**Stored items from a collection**

++++

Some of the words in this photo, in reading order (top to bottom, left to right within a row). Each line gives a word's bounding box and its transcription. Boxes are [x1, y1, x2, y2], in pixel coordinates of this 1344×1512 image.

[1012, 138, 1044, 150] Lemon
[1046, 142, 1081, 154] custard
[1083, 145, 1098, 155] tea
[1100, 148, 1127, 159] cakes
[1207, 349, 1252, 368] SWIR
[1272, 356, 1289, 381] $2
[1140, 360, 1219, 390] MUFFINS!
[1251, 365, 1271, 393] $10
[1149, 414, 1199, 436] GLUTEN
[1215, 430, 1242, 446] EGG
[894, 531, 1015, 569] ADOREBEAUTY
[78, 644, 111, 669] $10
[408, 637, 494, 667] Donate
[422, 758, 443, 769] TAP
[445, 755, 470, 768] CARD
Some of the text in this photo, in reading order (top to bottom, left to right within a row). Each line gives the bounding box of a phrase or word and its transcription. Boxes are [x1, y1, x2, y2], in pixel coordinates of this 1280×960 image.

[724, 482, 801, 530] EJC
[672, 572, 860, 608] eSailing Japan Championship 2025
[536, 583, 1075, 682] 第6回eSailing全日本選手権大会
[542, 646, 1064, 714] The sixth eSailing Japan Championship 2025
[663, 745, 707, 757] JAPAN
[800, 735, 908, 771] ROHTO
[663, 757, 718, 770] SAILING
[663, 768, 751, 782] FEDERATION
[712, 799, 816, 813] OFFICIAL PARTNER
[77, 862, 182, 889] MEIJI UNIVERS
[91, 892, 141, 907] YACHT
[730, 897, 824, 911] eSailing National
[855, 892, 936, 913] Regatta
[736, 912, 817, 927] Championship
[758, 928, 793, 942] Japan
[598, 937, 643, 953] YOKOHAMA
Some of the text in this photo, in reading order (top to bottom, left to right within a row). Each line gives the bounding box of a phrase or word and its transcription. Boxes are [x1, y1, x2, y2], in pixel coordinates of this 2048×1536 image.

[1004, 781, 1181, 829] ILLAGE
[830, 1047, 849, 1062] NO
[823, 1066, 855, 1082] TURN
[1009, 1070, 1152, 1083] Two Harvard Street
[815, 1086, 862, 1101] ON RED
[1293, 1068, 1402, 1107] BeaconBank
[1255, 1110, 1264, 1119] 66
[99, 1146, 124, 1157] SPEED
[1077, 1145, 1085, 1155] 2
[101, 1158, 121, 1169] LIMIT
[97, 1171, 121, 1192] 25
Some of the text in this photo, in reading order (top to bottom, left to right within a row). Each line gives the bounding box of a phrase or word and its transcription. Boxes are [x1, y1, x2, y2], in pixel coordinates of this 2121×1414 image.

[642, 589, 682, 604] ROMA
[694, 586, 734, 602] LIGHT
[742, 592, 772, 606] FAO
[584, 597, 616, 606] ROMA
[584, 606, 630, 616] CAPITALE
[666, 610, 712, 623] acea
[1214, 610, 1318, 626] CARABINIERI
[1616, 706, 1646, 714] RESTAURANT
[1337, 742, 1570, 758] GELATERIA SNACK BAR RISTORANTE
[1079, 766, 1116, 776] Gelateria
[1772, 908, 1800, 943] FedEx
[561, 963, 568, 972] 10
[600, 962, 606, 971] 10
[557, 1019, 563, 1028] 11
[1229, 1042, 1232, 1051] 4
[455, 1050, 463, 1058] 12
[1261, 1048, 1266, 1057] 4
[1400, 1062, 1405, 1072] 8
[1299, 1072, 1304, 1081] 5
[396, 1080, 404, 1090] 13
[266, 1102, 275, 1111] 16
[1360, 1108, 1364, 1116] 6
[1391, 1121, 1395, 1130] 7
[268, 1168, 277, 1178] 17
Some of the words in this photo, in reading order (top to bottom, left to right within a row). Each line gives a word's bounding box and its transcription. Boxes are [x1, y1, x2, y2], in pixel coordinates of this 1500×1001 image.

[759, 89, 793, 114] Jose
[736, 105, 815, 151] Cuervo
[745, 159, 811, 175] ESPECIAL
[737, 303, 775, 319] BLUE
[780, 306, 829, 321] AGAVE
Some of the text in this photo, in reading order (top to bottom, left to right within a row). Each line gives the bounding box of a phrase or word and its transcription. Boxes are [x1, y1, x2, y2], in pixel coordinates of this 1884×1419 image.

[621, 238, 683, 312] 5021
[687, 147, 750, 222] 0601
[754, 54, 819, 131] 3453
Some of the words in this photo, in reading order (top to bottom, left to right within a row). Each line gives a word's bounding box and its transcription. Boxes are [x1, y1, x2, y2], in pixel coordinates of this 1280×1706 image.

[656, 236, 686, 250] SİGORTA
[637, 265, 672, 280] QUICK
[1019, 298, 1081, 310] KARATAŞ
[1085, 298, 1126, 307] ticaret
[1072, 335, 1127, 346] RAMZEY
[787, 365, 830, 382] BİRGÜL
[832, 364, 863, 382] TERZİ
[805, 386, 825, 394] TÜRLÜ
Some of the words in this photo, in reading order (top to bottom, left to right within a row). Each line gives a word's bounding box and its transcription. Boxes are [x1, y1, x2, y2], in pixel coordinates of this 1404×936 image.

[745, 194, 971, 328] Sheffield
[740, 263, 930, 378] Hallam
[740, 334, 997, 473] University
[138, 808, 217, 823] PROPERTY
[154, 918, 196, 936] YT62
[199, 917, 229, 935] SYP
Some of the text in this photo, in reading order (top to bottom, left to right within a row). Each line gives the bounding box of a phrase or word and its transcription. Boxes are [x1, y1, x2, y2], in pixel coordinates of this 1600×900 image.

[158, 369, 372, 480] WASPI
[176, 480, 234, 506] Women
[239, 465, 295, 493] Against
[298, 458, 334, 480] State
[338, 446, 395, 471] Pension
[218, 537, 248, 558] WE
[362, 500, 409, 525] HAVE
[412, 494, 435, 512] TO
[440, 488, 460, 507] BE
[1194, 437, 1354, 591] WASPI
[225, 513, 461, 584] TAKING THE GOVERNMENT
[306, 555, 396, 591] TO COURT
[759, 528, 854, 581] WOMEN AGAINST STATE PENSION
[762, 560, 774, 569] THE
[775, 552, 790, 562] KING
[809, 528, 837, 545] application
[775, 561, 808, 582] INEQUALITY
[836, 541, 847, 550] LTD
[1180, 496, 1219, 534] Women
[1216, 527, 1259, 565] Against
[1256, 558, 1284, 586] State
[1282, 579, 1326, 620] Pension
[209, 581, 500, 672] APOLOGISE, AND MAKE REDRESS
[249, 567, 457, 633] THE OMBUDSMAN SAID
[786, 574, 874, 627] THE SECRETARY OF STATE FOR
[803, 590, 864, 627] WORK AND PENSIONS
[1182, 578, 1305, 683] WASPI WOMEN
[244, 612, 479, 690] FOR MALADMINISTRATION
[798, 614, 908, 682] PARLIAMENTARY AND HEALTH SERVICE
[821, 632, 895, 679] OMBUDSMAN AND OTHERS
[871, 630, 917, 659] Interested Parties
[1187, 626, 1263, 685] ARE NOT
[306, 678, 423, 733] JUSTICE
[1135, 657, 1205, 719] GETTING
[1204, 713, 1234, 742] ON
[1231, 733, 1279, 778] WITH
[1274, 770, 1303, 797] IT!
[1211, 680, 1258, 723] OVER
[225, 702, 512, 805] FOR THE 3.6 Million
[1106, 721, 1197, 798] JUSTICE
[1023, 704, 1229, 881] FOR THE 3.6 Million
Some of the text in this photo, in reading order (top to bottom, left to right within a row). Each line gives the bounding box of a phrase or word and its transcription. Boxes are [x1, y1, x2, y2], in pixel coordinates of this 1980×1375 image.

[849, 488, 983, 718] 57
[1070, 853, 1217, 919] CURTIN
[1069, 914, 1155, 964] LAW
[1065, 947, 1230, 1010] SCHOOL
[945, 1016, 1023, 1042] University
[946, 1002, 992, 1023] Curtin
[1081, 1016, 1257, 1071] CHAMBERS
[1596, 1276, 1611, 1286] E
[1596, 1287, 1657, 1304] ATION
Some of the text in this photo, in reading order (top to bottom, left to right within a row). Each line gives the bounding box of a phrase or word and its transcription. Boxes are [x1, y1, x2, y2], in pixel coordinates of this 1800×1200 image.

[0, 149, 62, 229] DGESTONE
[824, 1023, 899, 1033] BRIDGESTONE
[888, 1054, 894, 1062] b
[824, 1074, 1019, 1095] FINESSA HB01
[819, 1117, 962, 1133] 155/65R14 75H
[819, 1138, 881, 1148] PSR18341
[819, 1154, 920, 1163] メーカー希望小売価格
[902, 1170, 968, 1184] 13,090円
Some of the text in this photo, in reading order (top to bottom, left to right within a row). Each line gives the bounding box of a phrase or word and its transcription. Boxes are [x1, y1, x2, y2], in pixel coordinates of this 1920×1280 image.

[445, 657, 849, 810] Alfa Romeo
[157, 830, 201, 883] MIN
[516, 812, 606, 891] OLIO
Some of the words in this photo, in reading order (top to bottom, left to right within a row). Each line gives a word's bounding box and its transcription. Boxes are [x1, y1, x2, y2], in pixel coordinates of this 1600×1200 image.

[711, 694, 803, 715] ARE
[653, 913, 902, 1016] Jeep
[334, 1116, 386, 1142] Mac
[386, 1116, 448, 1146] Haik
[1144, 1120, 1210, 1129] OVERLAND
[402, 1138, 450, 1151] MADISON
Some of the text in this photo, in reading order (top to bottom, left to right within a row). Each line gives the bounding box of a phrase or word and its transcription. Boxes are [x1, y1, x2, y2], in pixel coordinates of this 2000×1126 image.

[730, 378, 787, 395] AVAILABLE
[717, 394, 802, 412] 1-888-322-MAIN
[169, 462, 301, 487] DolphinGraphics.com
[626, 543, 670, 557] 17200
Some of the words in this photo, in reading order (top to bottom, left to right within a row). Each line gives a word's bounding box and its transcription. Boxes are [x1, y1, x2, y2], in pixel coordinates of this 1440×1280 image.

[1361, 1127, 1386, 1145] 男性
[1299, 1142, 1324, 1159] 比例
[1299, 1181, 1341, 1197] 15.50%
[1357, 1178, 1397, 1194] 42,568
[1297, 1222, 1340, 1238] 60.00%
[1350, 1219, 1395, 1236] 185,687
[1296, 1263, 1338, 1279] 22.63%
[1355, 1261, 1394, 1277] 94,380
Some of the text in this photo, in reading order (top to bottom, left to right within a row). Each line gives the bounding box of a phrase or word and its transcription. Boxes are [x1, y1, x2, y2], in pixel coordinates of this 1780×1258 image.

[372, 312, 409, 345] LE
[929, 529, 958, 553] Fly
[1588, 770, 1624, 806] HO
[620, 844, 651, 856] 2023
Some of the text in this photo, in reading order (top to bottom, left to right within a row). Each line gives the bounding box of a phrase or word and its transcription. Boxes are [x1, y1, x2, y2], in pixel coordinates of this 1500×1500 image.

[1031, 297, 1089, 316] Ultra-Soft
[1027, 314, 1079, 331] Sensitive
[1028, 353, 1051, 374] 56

++++

**Problem description**
Could you retype exactly the lines above from the one containing "this 1600×1200 image." through the last line of the records, both included, and nothing else?

**Reply**
Some of the words in this photo, in reading order (top to bottom, left to right within a row). Each line gives a word's bounding box and its transcription. Boxes are [x1, y1, x2, y2], in pixel coordinates of this 1600×1200 image.

[711, 694, 803, 715] ARE
[653, 913, 902, 1016] Jeep
[334, 1116, 386, 1142] Mac
[386, 1116, 448, 1146] Haik
[1144, 1120, 1210, 1129] OVERLAND
[402, 1138, 450, 1151] MADISON
Some of the text in this photo, in reading order (top to bottom, left to right within a row). Each line gives the bounding box of a phrase or word and its transcription. Boxes are [x1, y1, x2, y2], in pixel coordinates of this 2000×1126 image.

[730, 378, 787, 395] AVAILABLE
[717, 394, 802, 412] 1-888-322-MAIN
[169, 462, 301, 487] DolphinGraphics.com
[626, 543, 670, 557] 17200
Some of the words in this photo, in reading order (top to bottom, left to right within a row). Each line gives a word's bounding box and its transcription. Boxes are [x1, y1, x2, y2], in pixel coordinates of this 1440×1280 image.

[1361, 1127, 1386, 1145] 男性
[1299, 1142, 1324, 1159] 比例
[1299, 1181, 1341, 1197] 15.50%
[1357, 1178, 1397, 1194] 42,568
[1297, 1222, 1340, 1238] 60.00%
[1350, 1219, 1395, 1236] 185,687
[1296, 1263, 1338, 1279] 22.63%
[1355, 1261, 1394, 1277] 94,380
Some of the text in this photo, in reading order (top to bottom, left to right within a row). Each line gives the bounding box of a phrase or word and its transcription. Boxes are [x1, y1, x2, y2], in pixel coordinates of this 1780×1258 image.

[372, 312, 409, 345] LE
[929, 529, 958, 553] Fly
[1588, 770, 1624, 806] HO
[620, 844, 651, 856] 2023
Some of the text in this photo, in reading order (top to bottom, left to right within a row). Each line gives the bounding box of a phrase or word and its transcription. Boxes are [x1, y1, x2, y2], in pixel coordinates of this 1500×1500 image.

[1031, 297, 1089, 316] Ultra-Soft
[1027, 314, 1079, 331] Sensitive
[1028, 353, 1051, 374] 56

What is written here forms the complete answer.